The battery installer called an hour later, concurred with Captain Chris’s advice, and arrived early the next morning to evaluate the situation and test the batteries and charger. He confirmed the problem and solution had been correctly diagnosed, and the old battery charger and both batteries were “toast” and needed to be replaced. So all is again well aboard the new-to-us boat.
Cathryn emailed Jim Healy, whose articles, posts and responses to other people’s posts she’s been reading daily on both the MTOA forum and the Trawlers & Trawlering forum for the last six years. She was seeking the Guru’s confirmation that our experience was accurately diagnosed and resolved. Jim agreed with the advice we’d gotten in the moment, and the resolution, saying what happened is a very typical failure of a battery charger that results in the loss of the batteries. He said the smell we experienced was hydrogen gas from the batteries, and confirmed it will set off CO detectors. He also reassured Cathryn that batteries can crack open and get hot enough to cause smoke and charring, but “explosion” in the classical meaning of that word is unlikely. This helped alleviate Cathryn’sfeelings of guilt about sending Bob into the engine room to test the batteries.

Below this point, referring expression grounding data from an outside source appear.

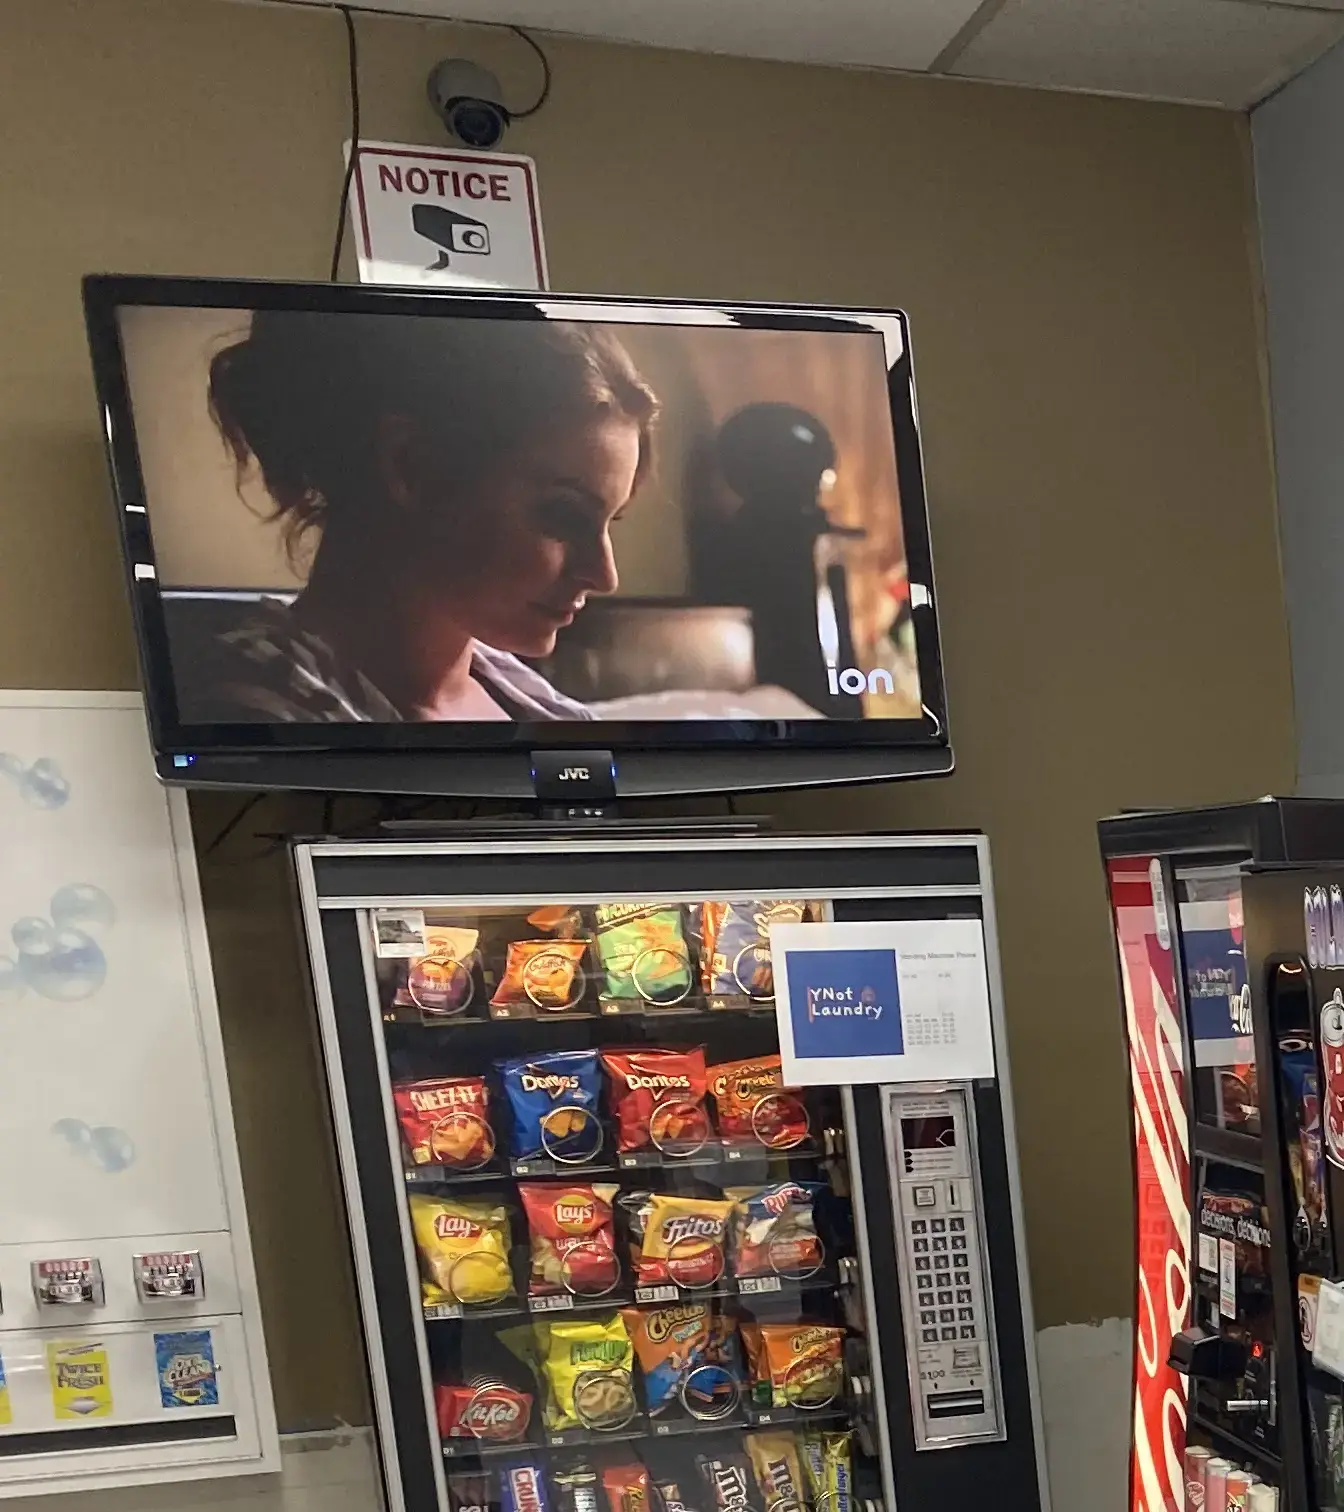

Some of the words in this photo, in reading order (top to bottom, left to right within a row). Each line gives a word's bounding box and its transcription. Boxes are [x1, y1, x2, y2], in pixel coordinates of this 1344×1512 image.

[378, 164, 511, 202] NOTICE
[828, 666, 894, 695] ion
[558, 767, 589, 781] JVC
[811, 986, 853, 1001] YNot
[811, 1001, 883, 1021] Laundry
[522, 1074, 580, 1092] Doritos
[625, 1074, 690, 1091] Doritos
[663, 1215, 724, 1244] Fritos
[56, 1362, 101, 1375] TWICE
[57, 1375, 104, 1389] FRESH

So, for those of you who are “typical cruiser/boaters”, as we think of ourselves: you know a lot, but there’s still more you don’t know, and you’re still learning. We hope this story provides some educational benefit, and that you never need it!

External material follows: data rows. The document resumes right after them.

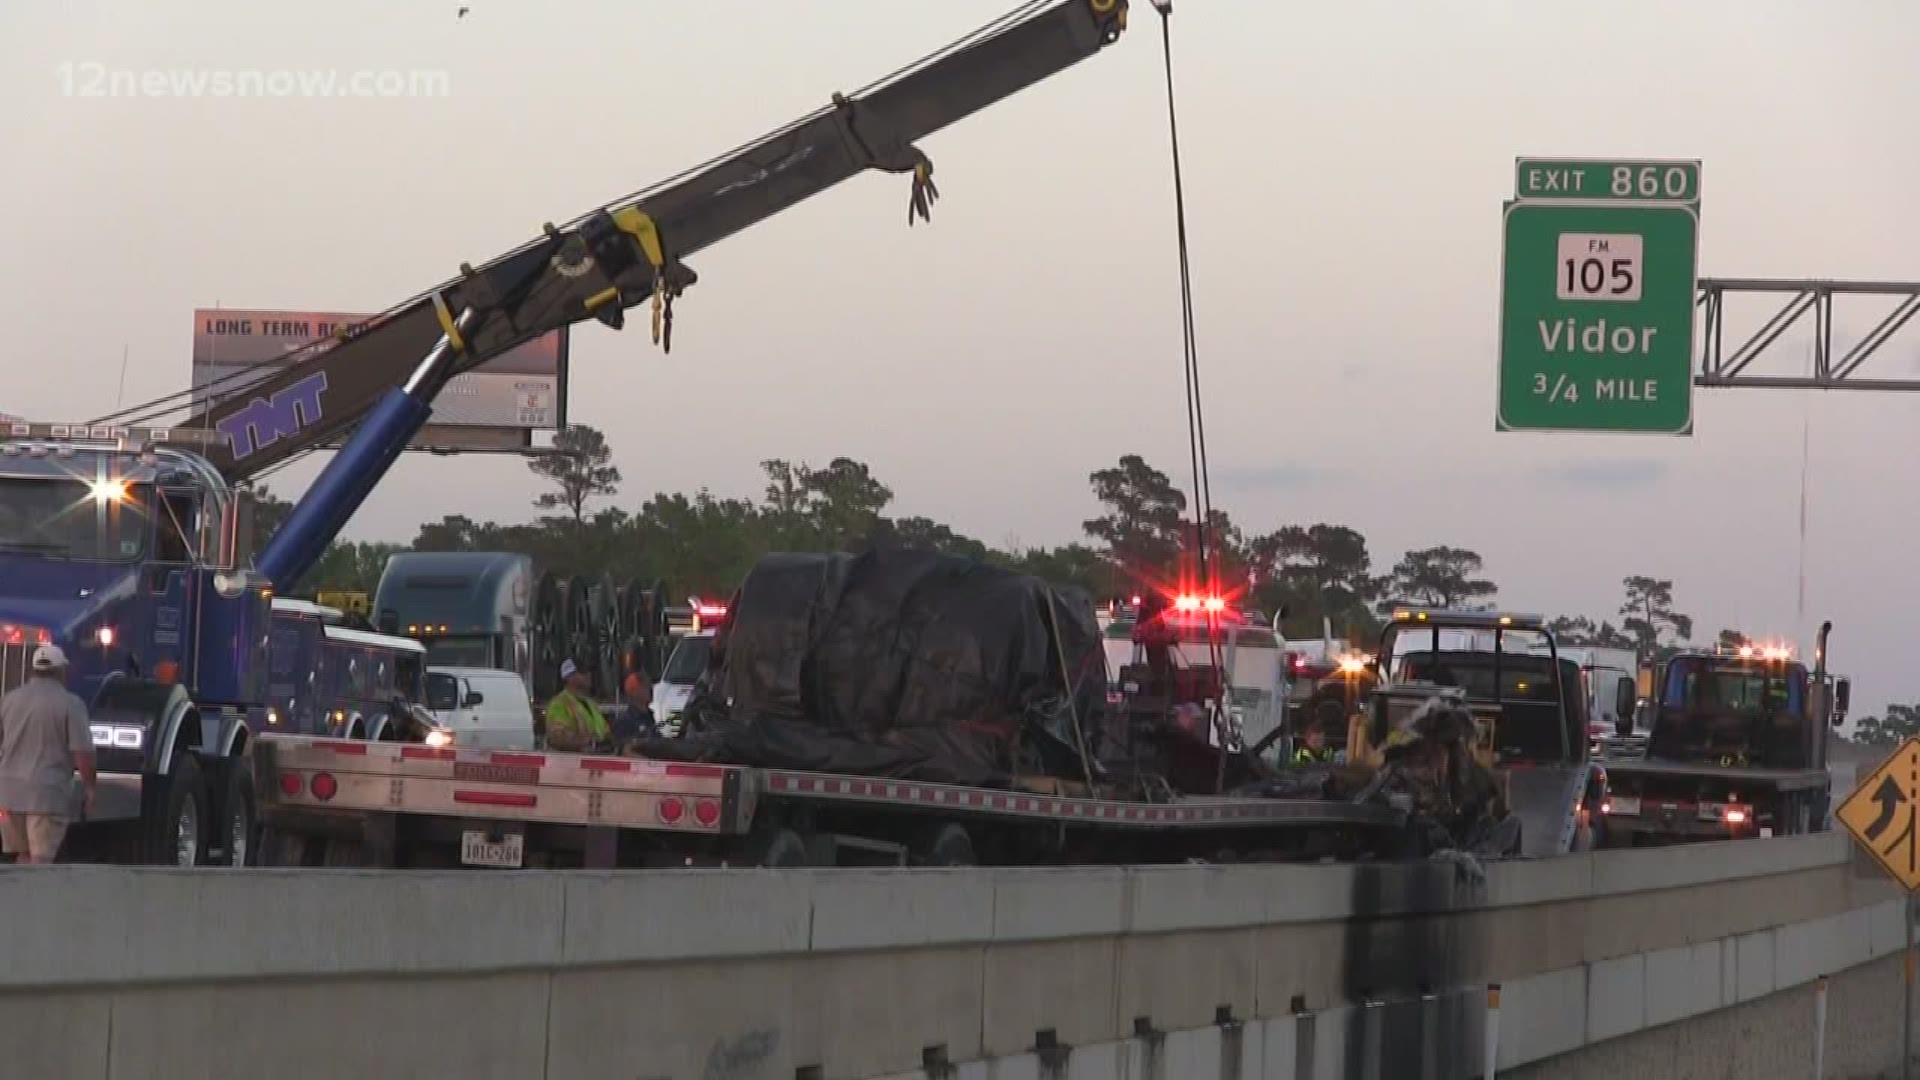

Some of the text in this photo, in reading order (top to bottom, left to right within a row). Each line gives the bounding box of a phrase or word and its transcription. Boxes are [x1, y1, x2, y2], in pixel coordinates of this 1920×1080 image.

[1529, 167, 1687, 198] EXIT 860
[1565, 258, 1634, 295] 105
[206, 318, 252, 336] LONG
[261, 320, 309, 337] TERM
[1538, 318, 1658, 354] Vidor
[1533, 373, 1658, 403] 3/4 MILE
[216, 371, 328, 461] TNT

We also hope we don’t come to be viewed as the “MTOA Masters of Disaster” who write articles regarding our latest problem twice a year. We’re the same couple who posted a lengthy story in the December 2015 Turtle Times about our “Terrible Day” July 2015 on the Inside Passage, in which Bob was badly burned from a ruptured engine coolant hose, we were rescued by the Canadian Coast Guard, and spent two weeks in the hospital. By way of an update, Bob is completely healed 7 months later and back to normal life. We considered getting out of boating altogether, rejected that option, and decided instead to sell the boat we had and buy a newer twin engine boat tocontinue cruising in the extremely remote territory of the Inside Passage during summer months. The new boat is named “Phoenix” in honor of our re-birth or recommitment to boating following the “baptism by fire” Bob got last summer. We’re happy and well, headed north in June for summer. For those of you coming west to the “Cruise to Nowhere” in September, we hope to meet you.